Anti-MOG Antibody Determination
Blood was collected at the end point of experiments by cardiac puncture and sera isolated. The antibody isotypes IgG, IgG1, IgG2a, IgG2b, IgG3, IgA, and IgM that specifically bound to rMOG were measured by ELISA. Briefly, flat-bottommed 96-well plates were coated with 100 μl of rMOG (5 μg/ml) in 0.05 M carbonate buffer (15 mM Na2CO3, 35 mM NaHCO3, pH 9.6; Sigma-Aldrich) overnight at 4°C. Wells were blocked with Pierce protein-free blocking medium (Thermo Fischer Scientific, Rockford, IL, USA) supplemented with 1.5% normal goat serum for 3 h at room temperature. For specific isotype antibody responses, serum was diluted as follows: 1/8,000 for IgG and IgG1, 1/50 for IgG2a, 1/2,000 for IgG2b, 1/200 for IgG3, 1/50 for IgA, and 1/100 for IgM. Serum from naive C57BL/6 mice was used as a negative control and the anti-MOG monoclonal antibody clone 8-18C5 (produced in-house by hybridoma) diluted to 5 μg/ml was used as a positive control. Antibody binding was revealed using horseradish peroxidase-conjugated goat anti-mouse isotype antibodies (Caltag Laboratories, Burlingame, CA, USA) diluted 1/2,000 or a polyvalent IgG,A,M antibody (Sigma-Aldrich) diluted 1/1,000. O-Phenylenediamine (Sigma-Aldrich) was used as a substrate and the reaction performed according to the manufacturer's protocol. Optical density (OD) was measured at 492 nm on a Benchmark Plus Microplate Spectrophotometer (BioRad, Hercules, CA, USA).
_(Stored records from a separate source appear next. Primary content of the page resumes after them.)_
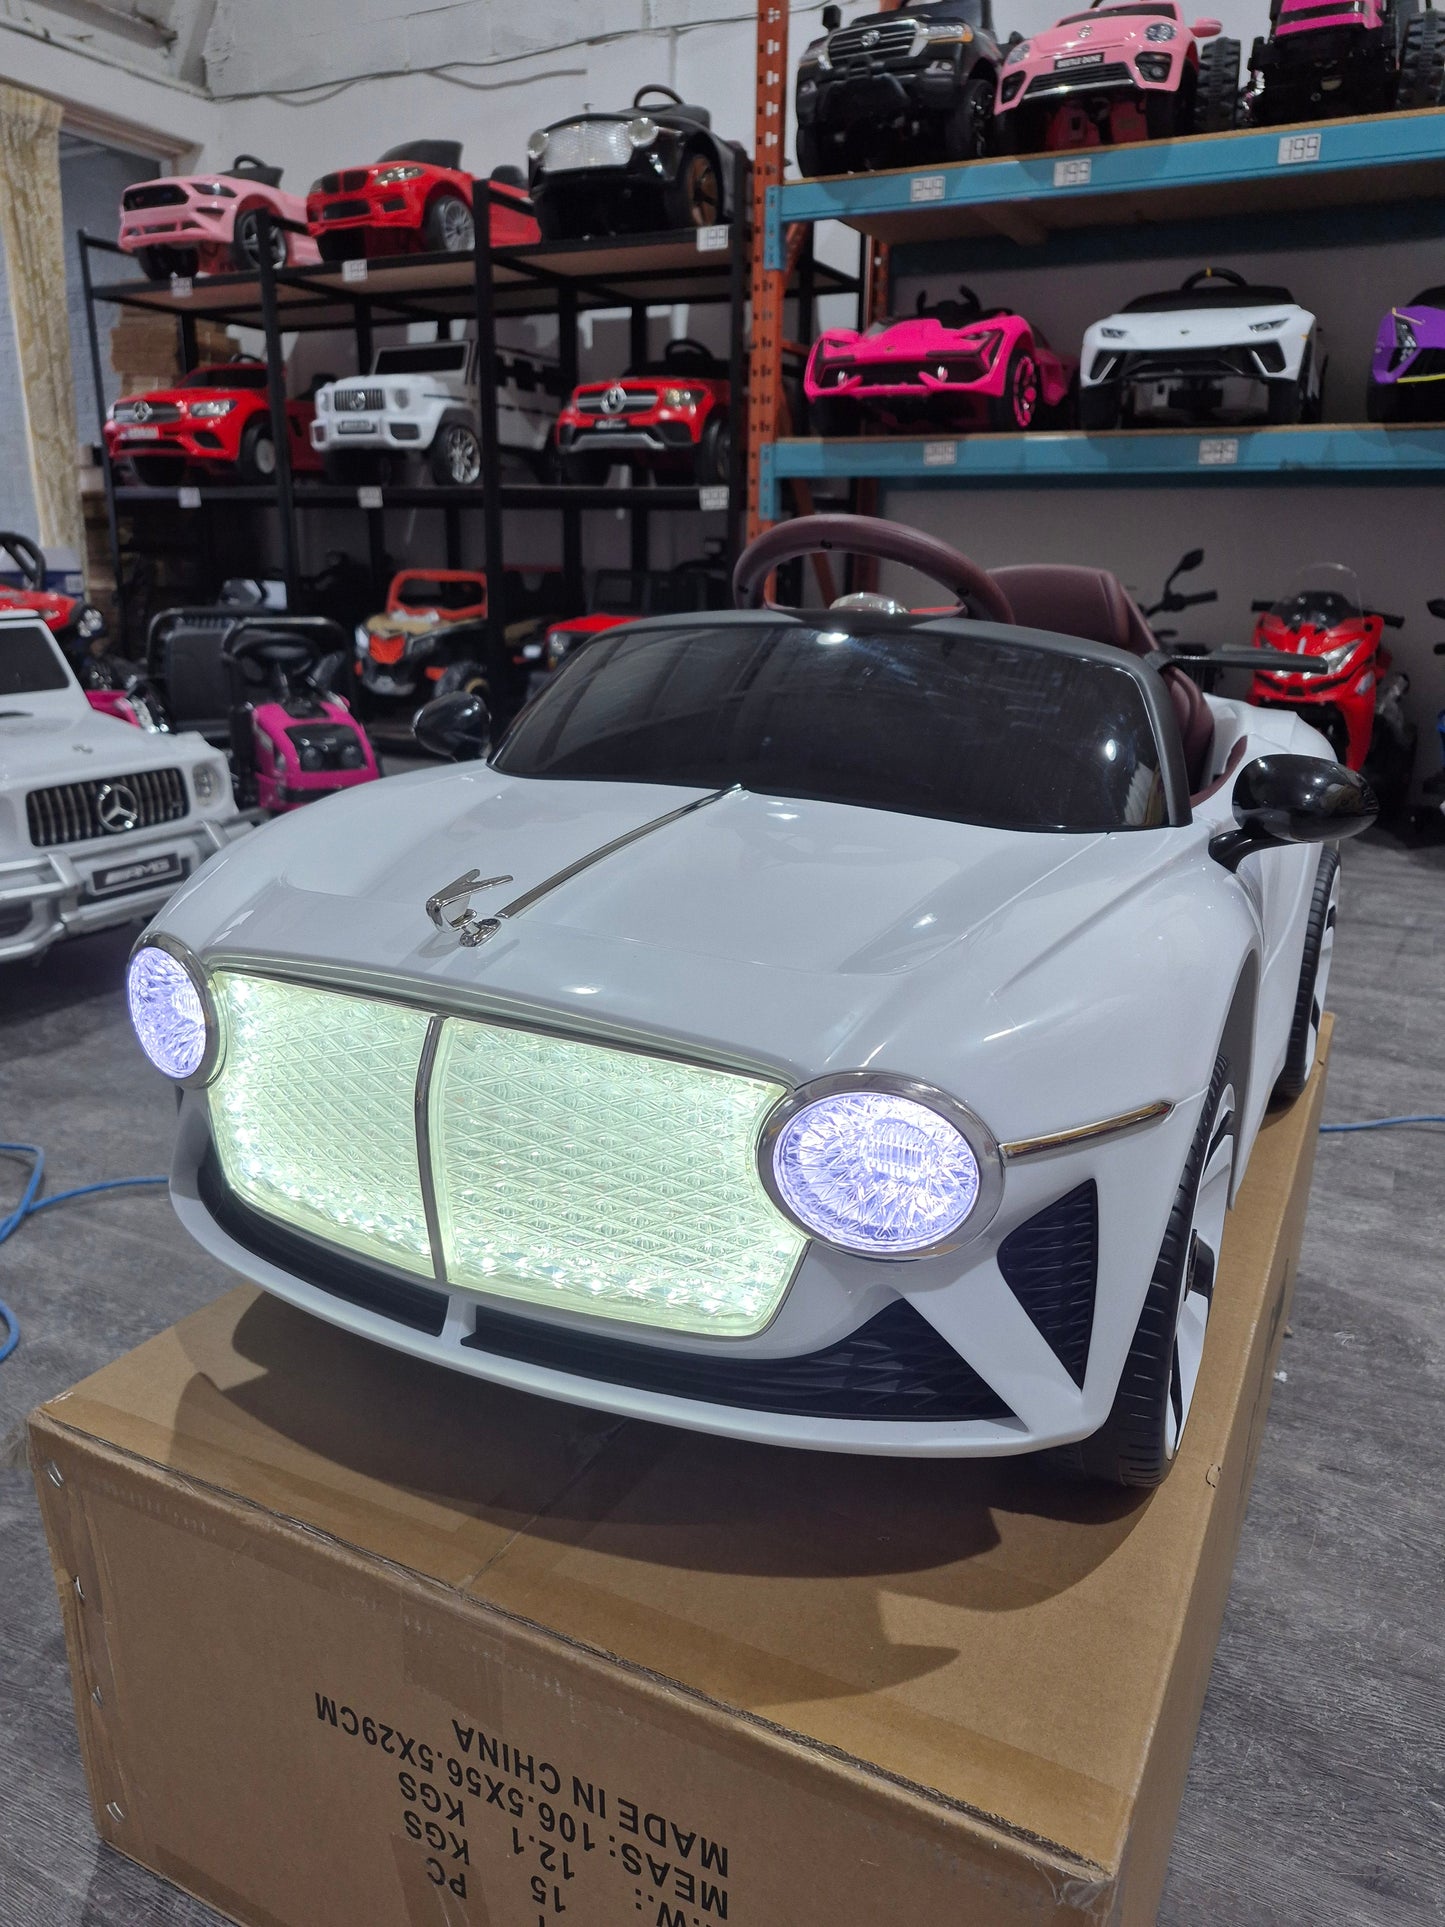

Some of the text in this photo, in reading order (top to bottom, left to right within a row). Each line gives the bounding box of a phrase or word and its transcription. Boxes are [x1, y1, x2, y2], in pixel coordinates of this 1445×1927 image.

[1062, 160, 1090, 183] 199
[1288, 136, 1319, 160] 199
[911, 177, 945, 199] 249
[315, 1692, 728, 1920] MEAS: 106.5X56.5X29CM
[398, 1771, 465, 1827] KGS
[452, 1719, 728, 1878] MADE IN CHINA
[403, 1810, 566, 1913] 15 KGS
[425, 1857, 467, 1900] PC
[512, 1826, 575, 1881] 12.1
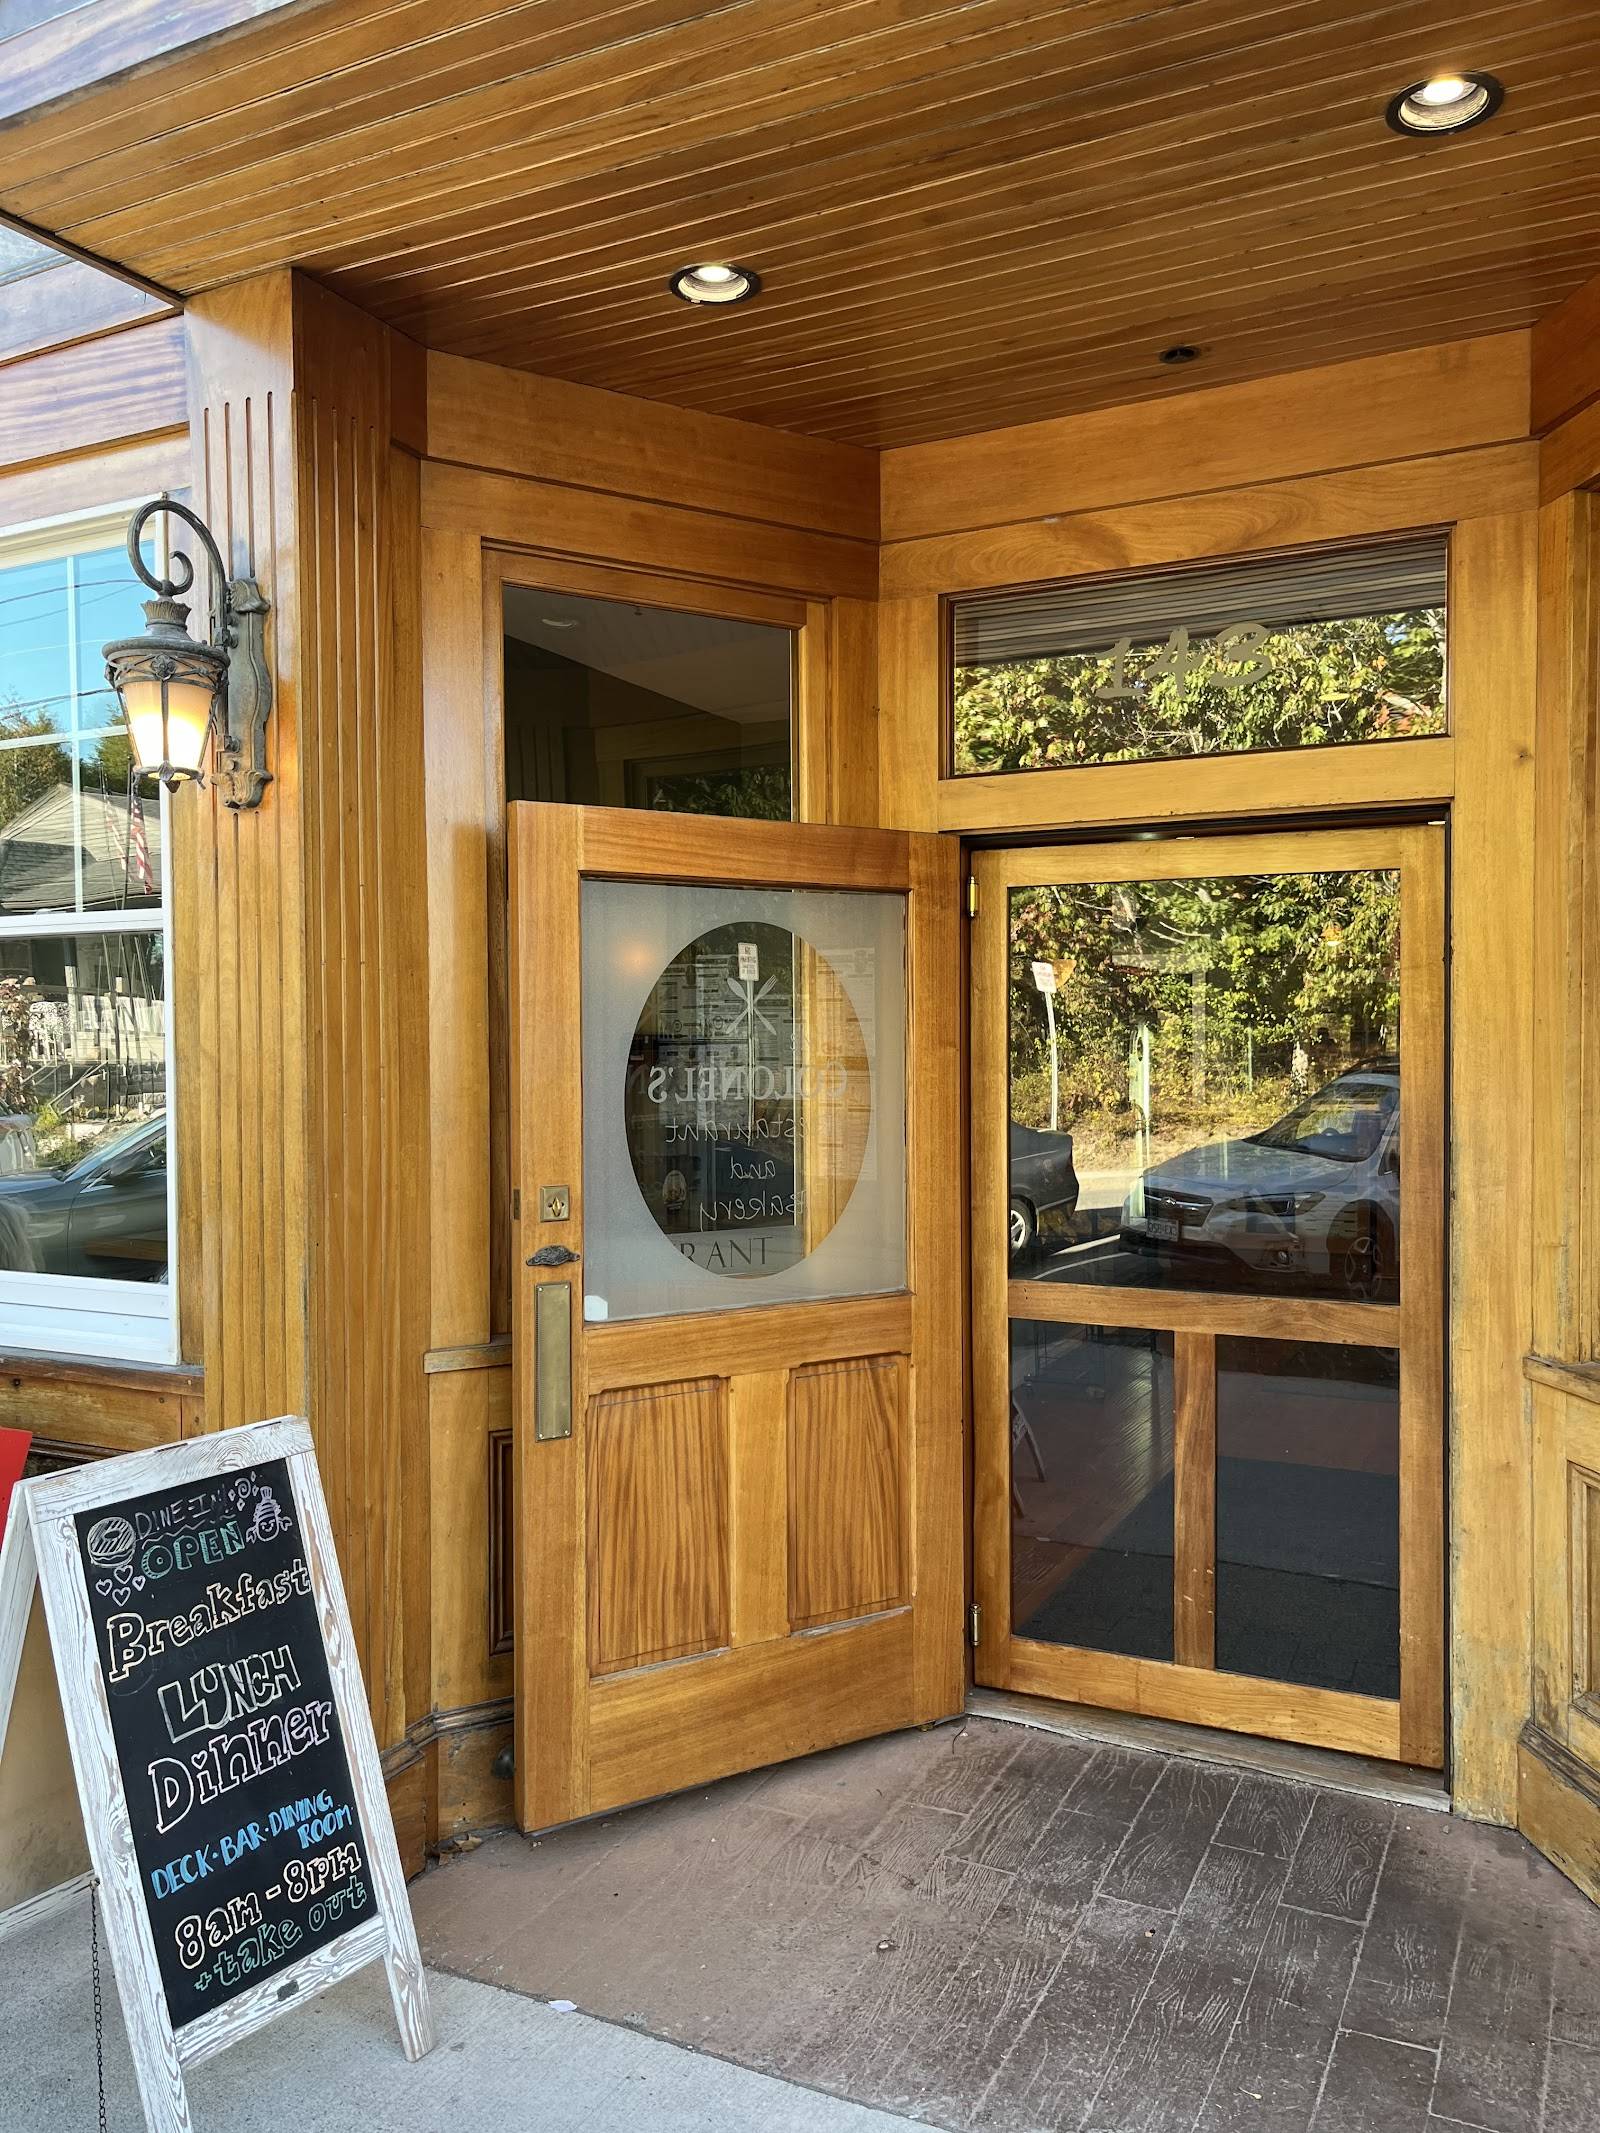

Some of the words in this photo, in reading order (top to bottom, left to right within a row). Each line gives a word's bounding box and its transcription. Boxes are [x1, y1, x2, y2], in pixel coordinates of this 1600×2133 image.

[1094, 622, 1272, 699] 143
[141, 1520, 245, 1580] OPEN
[106, 1558, 312, 1683] Breakfast
[157, 1644, 302, 1744] LUNCH
[148, 1700, 332, 1834] Dinner
[297, 1804, 353, 1850] ROOM
[308, 1875, 367, 1932] out
Histological Analysis of CNS Tissue
For histological analysis of CNS tissue, the brain and spinal cord were dissected from mice and fixed in 10% formalin (Sigma-Aldrich). Sections (5 μm) were cut from paraffin-embedded tissue and stained with hematoxylin– eosin, luxol fast blue, and Bielschowsky silver impregnation to assess inflammation, demyelination, and axonal damage, respectively. Reagents for histological staining were purchased from Grale Scientific (Ringwood, Victoria, Australia).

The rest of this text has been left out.